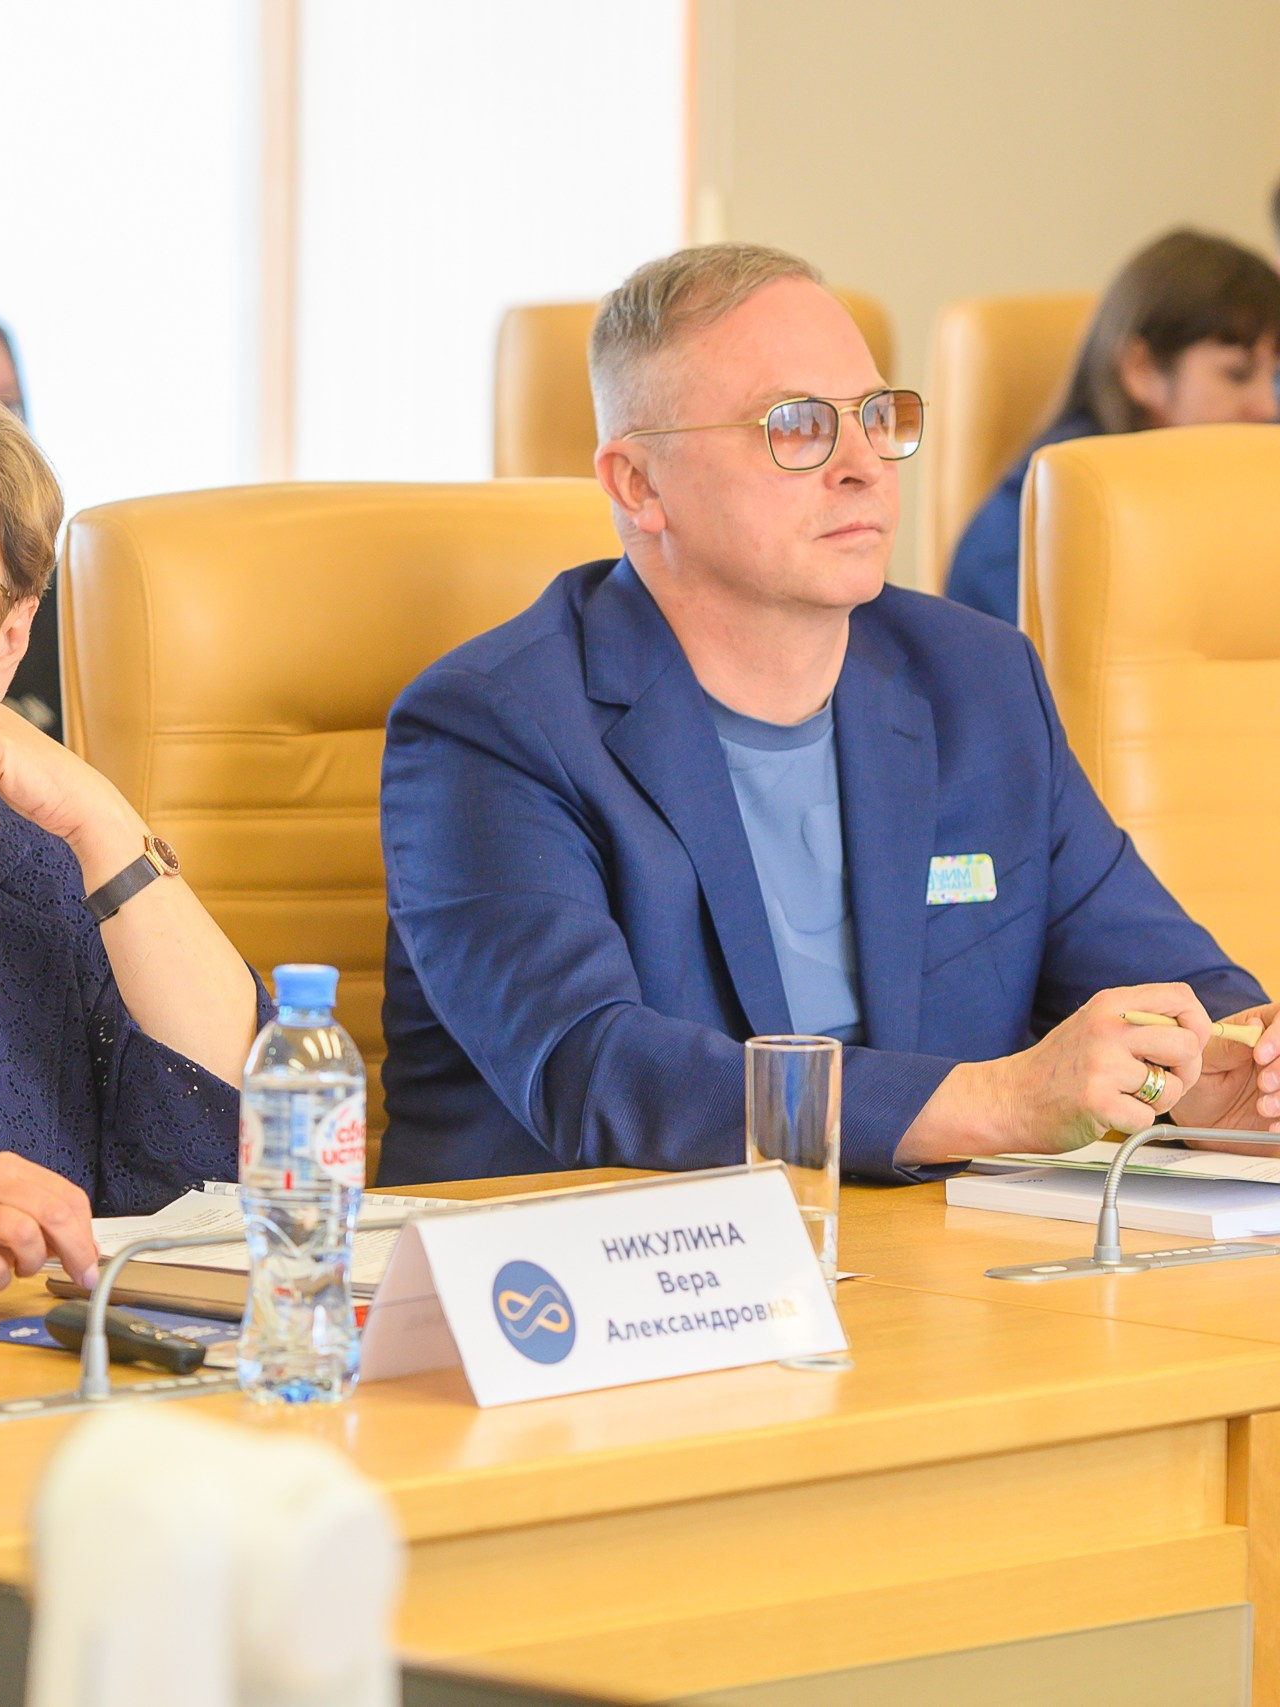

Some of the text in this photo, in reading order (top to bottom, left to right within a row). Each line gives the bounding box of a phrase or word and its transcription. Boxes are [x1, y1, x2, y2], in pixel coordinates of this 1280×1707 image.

[602, 1222, 745, 1262] НИКУЛИНА
[657, 1271, 720, 1296] Вера
[607, 1298, 798, 1342] Александровна
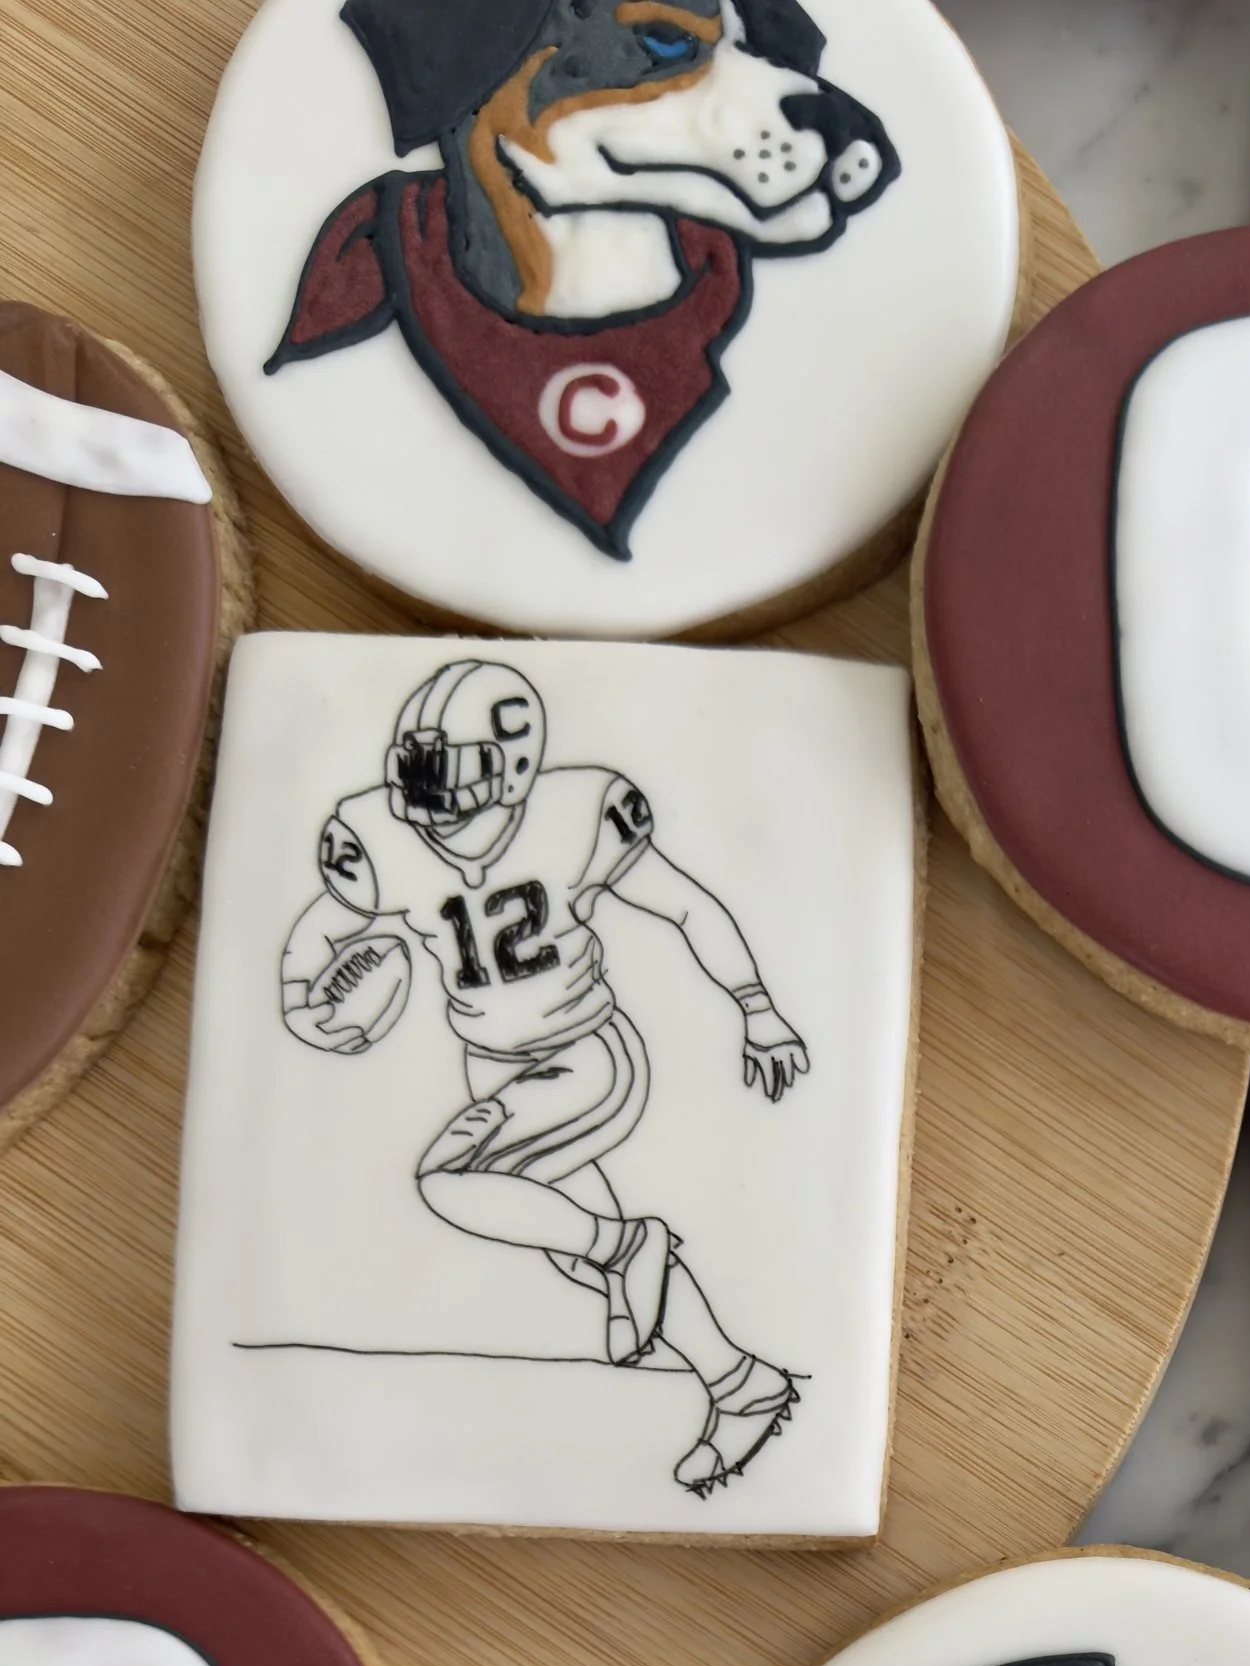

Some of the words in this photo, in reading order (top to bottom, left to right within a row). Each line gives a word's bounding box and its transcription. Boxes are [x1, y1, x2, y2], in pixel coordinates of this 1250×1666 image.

[557, 373, 621, 448] C
[491, 697, 531, 742] C
[604, 790, 652, 845] 12
[323, 831, 363, 882] 12
[440, 880, 560, 989] 12
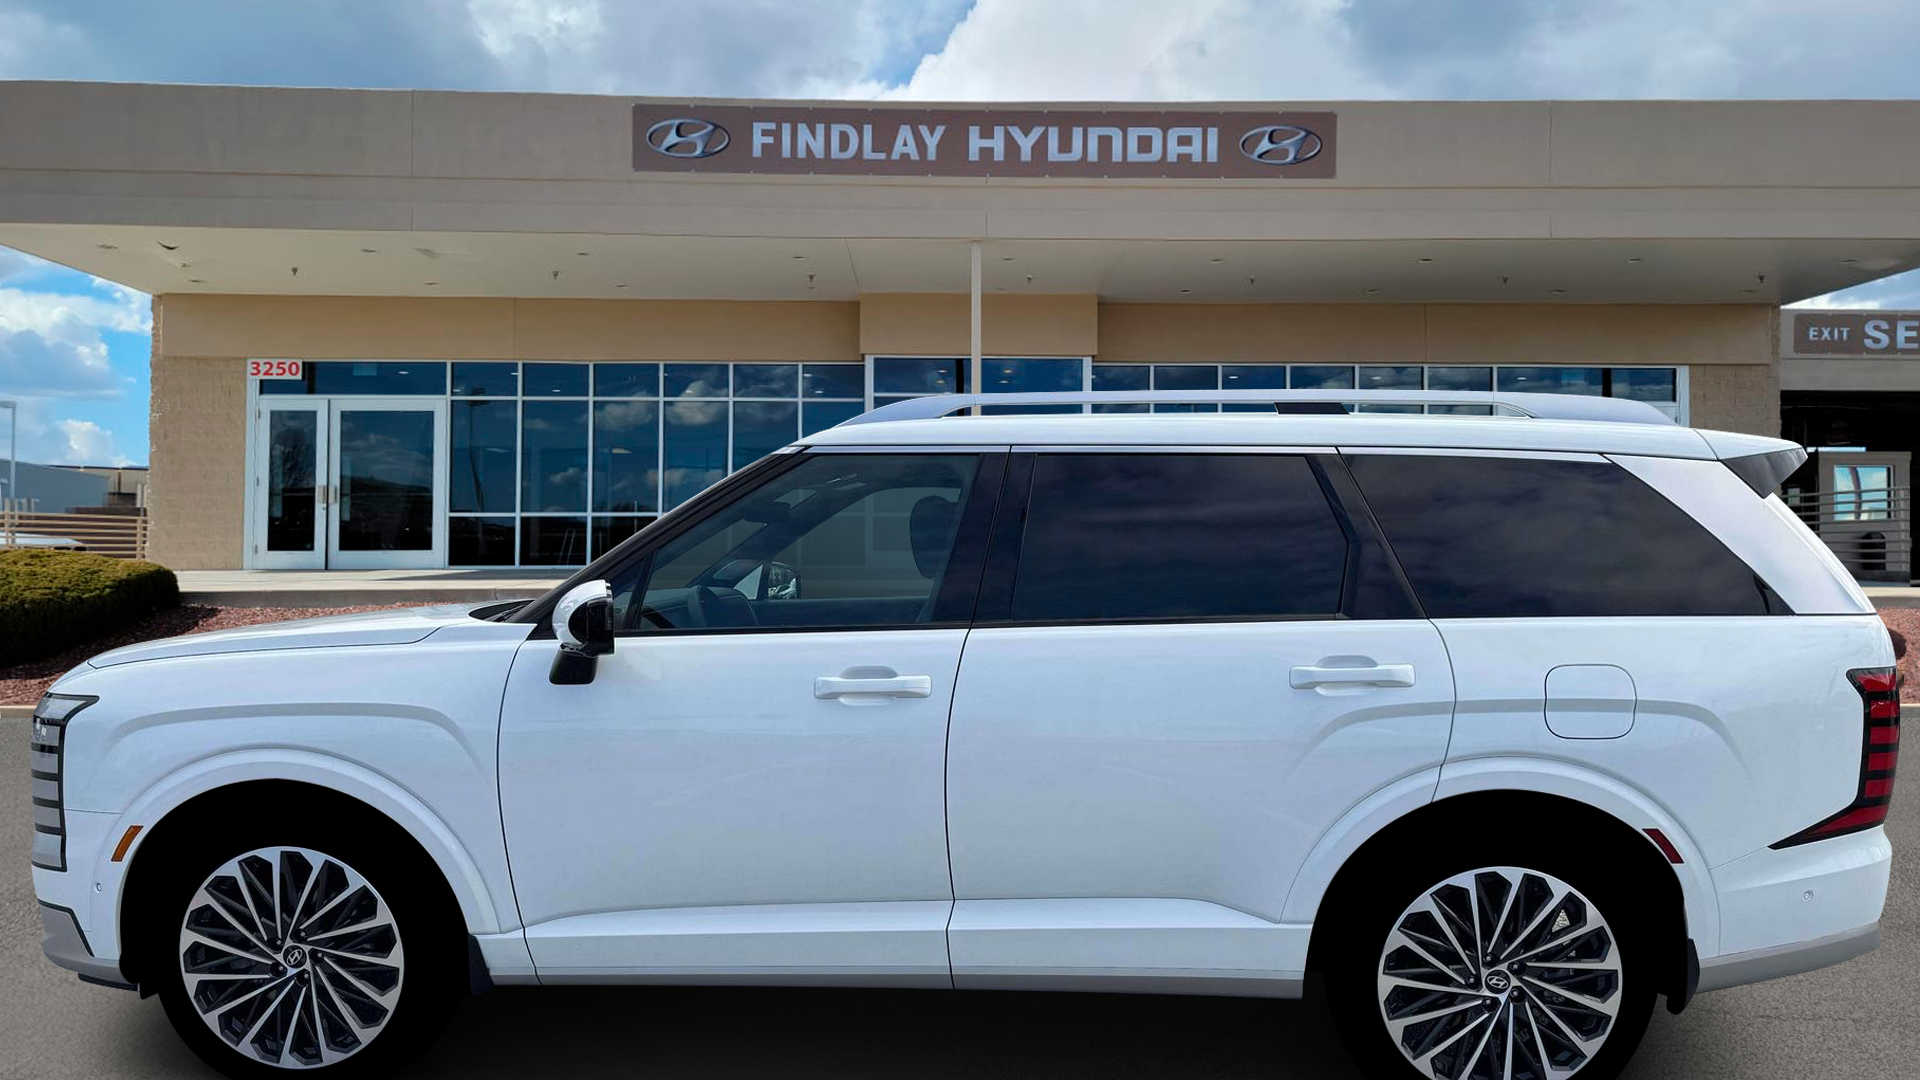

=== WHAT TO WORK ON ===
Retype the material in full, exactly as written, and exclude the pictures.

=== WRITTEN RESPONSE ===
Some of the text in this photo, in reading order (top to bottom, left to right within a row). Each line gives the bounding box of a phrase or word and its transcription. Boxes are [x1, y1, x2, y2], in pixel coordinates of this 1280×1707 image.

[602, 1222, 745, 1262] НИКУЛИНА
[657, 1271, 720, 1296] Вера
[607, 1298, 798, 1342] Александровна

Some of the words in this photo, in reading order (top to bottom, left to right within a row). Each line gives a word's bounding box and its transcription. Boxes are [x1, y1, x2, y2], in pixel coordinates of this 1250×1666 image.

[557, 373, 621, 448] C
[491, 697, 531, 742] C
[604, 790, 652, 845] 12
[323, 831, 363, 882] 12
[440, 880, 560, 989] 12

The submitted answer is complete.